Cathelicidin, an
antimicrobial peptide of the innate immune system, modulates microbial growth, wound healing, and
inflammation. However, its association with
inflammatory bowel diseases (IBDs) is unknown. Our objective was to determine whether
cathelicidin would exert a modulatory effect on the progression of IBD and, if so, investigate the mechanism of action through which this effect occurred. We evaluated the potential for a synthetic
cathelicidin, the mouse
cathelin-related antimicrobial peptide (mCRAMP), to prevent the initiation and promote the healing of lesions from inflammatory
colitis that was experimentally induced in mice with
dextran sulfate sodium (DSS).
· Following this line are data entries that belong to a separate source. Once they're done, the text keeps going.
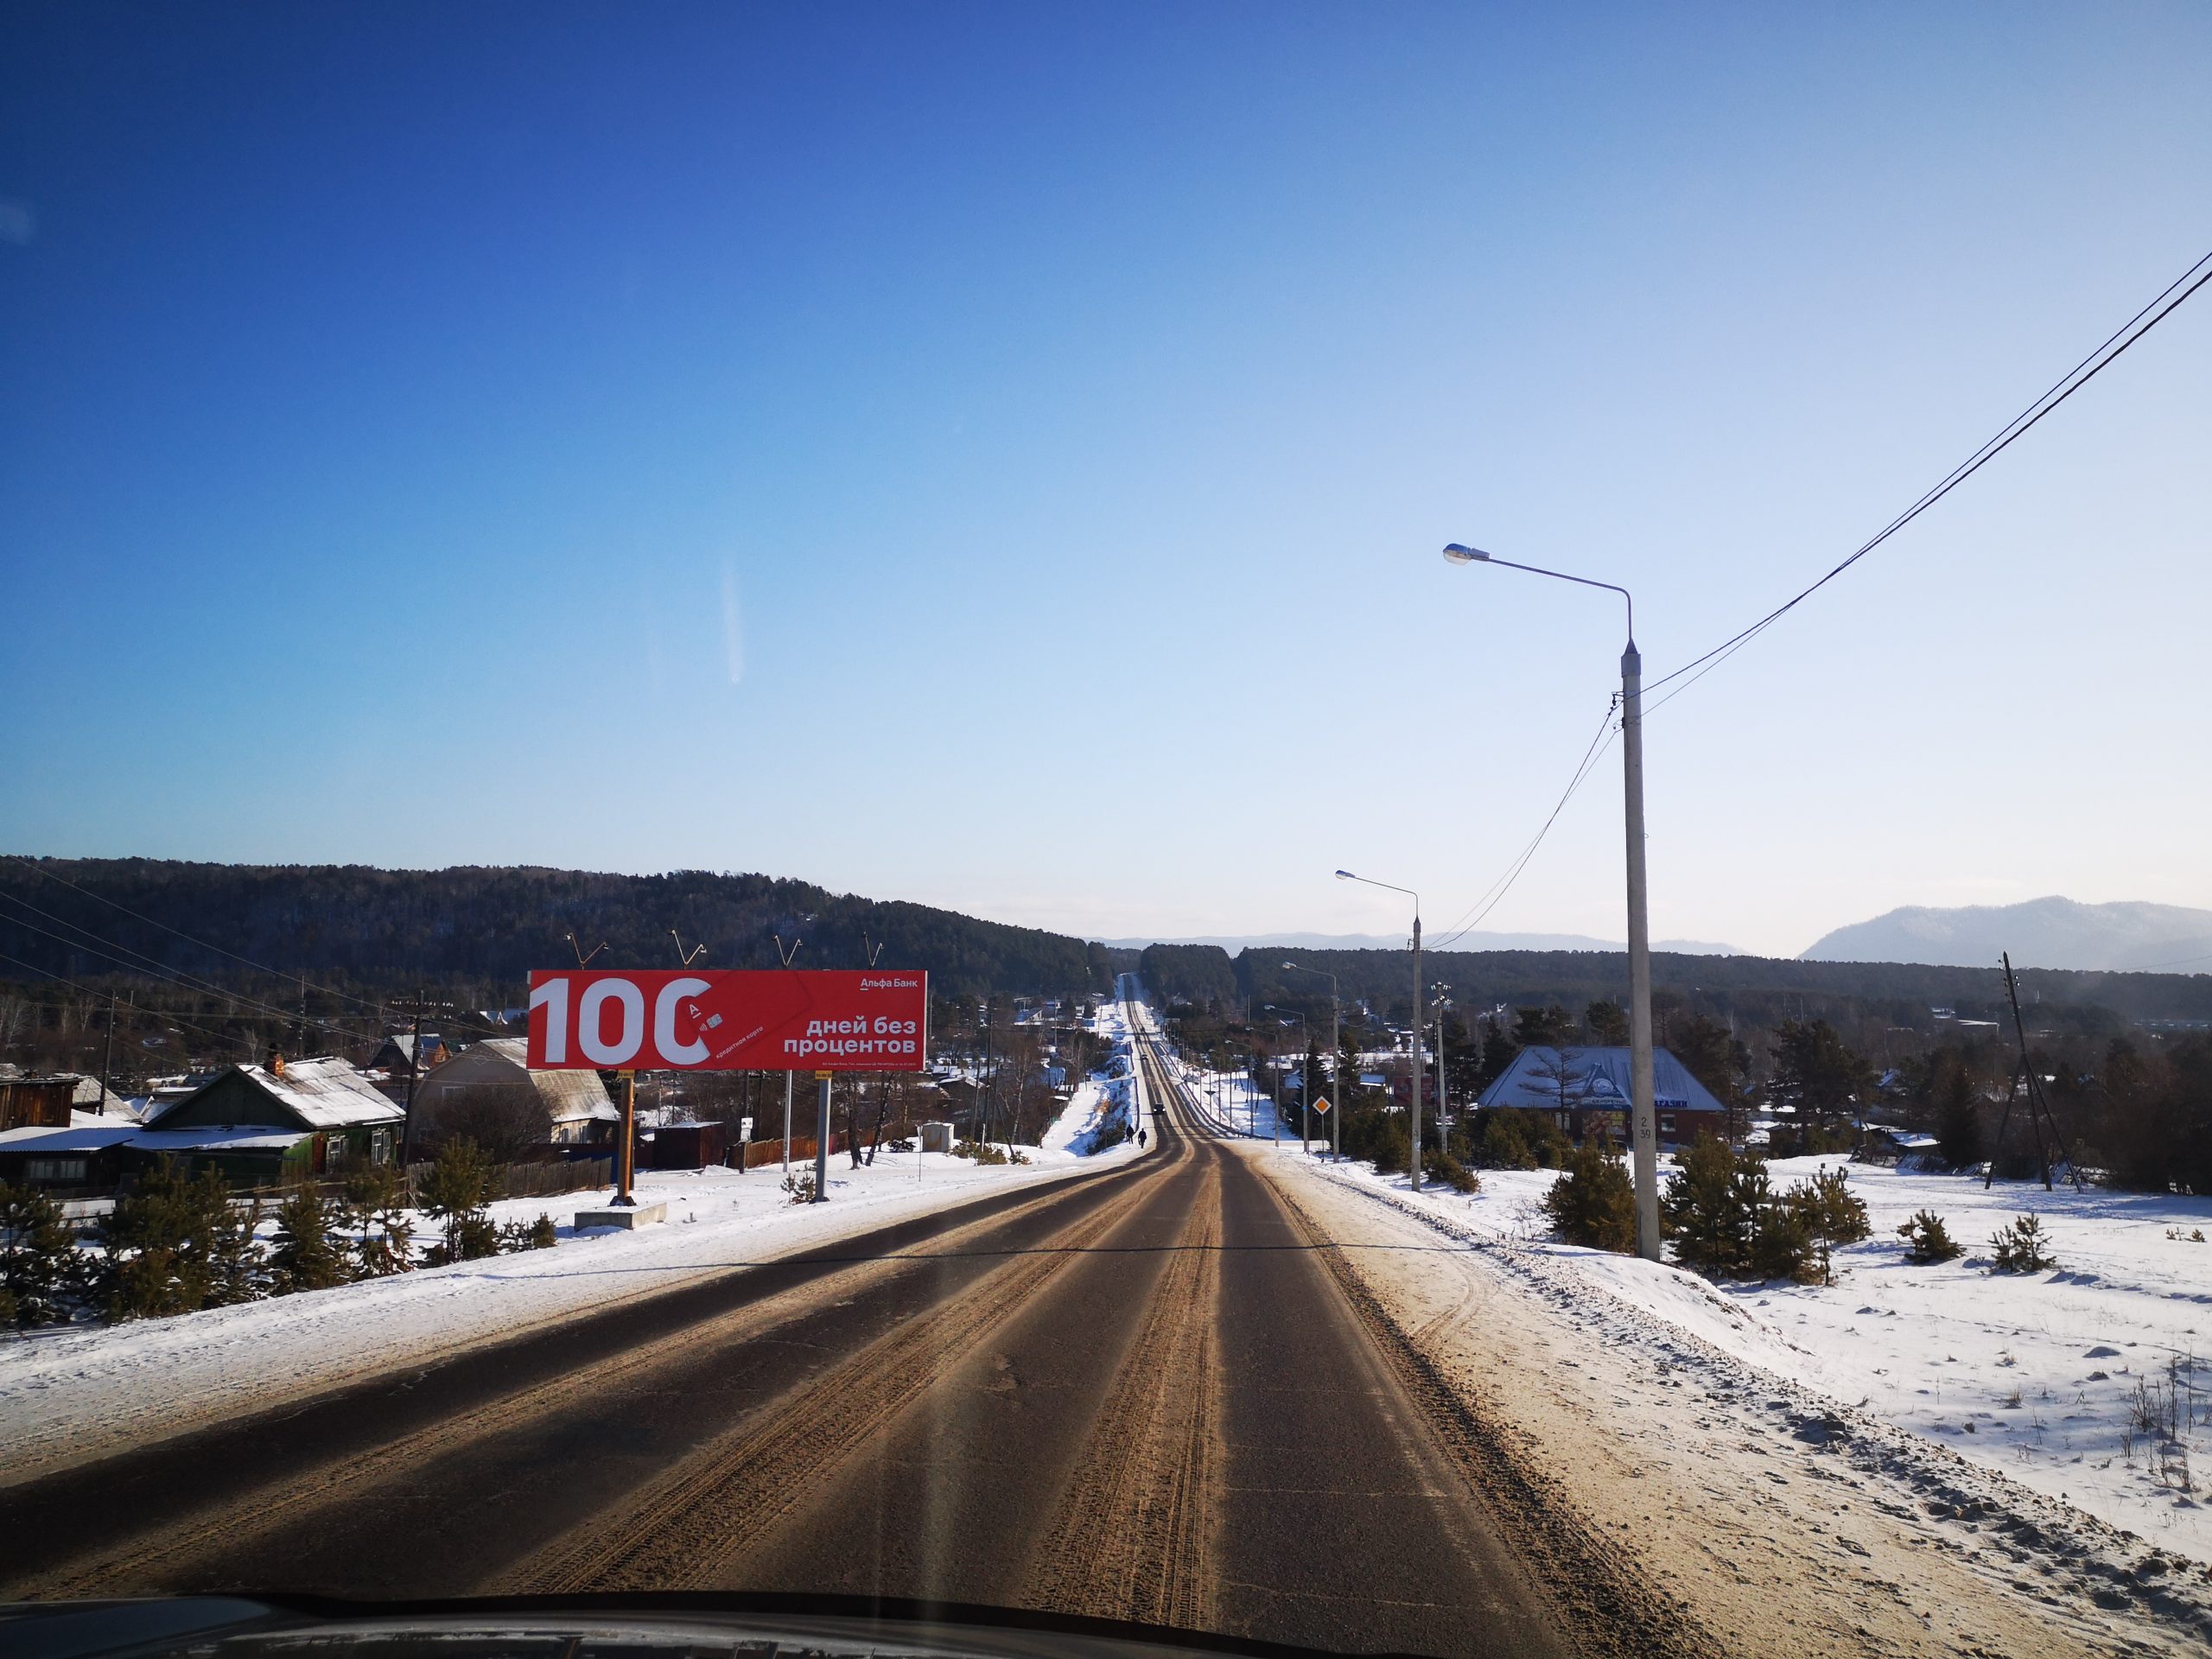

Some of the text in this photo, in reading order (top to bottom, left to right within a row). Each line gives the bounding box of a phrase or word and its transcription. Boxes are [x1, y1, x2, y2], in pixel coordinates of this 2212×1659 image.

[860, 978, 918, 990] Альфа Банк
[806, 1015, 916, 1037] дней без
[715, 1037, 746, 1059] кредитная
[784, 1039, 916, 1057] процентов
[1641, 1117, 1648, 1127] 2
[1640, 1129, 1651, 1139] 39
During the experiment, mCRAMP was given: (i) as a parallel treatment starting together with 3% DSS feeding, and (ii) as a posttreatment starting 7 days after 3% DSS feeding. The
body weight, fecal microflora populations, clinical symptoms, and histologic findings of colonic tissues were measured. Relative gene expression of
mucins (MUC1, MUC2, MUC3, and MUC4) in colonic tissues was determined by real-time polymerase chain reaction. Intrarectal administration of mCRAMP ameliorated DSS-induced
colitis with negligible effects on mucosal healing. The
peptide also significantly reduced the increased number of fecal microflora in
colitis animals. It reversed the decline of colonic mucus thickness during
colitis through upregulation of the expression of
mucin genes. Treatment with mCRAMP also prevented
colitis development by suppressing the induction of apoptosis by DSS. The current study demonstrates for the first time that intrarectal administration of
cathelicidin may be a novel therapeutic option for IBDs.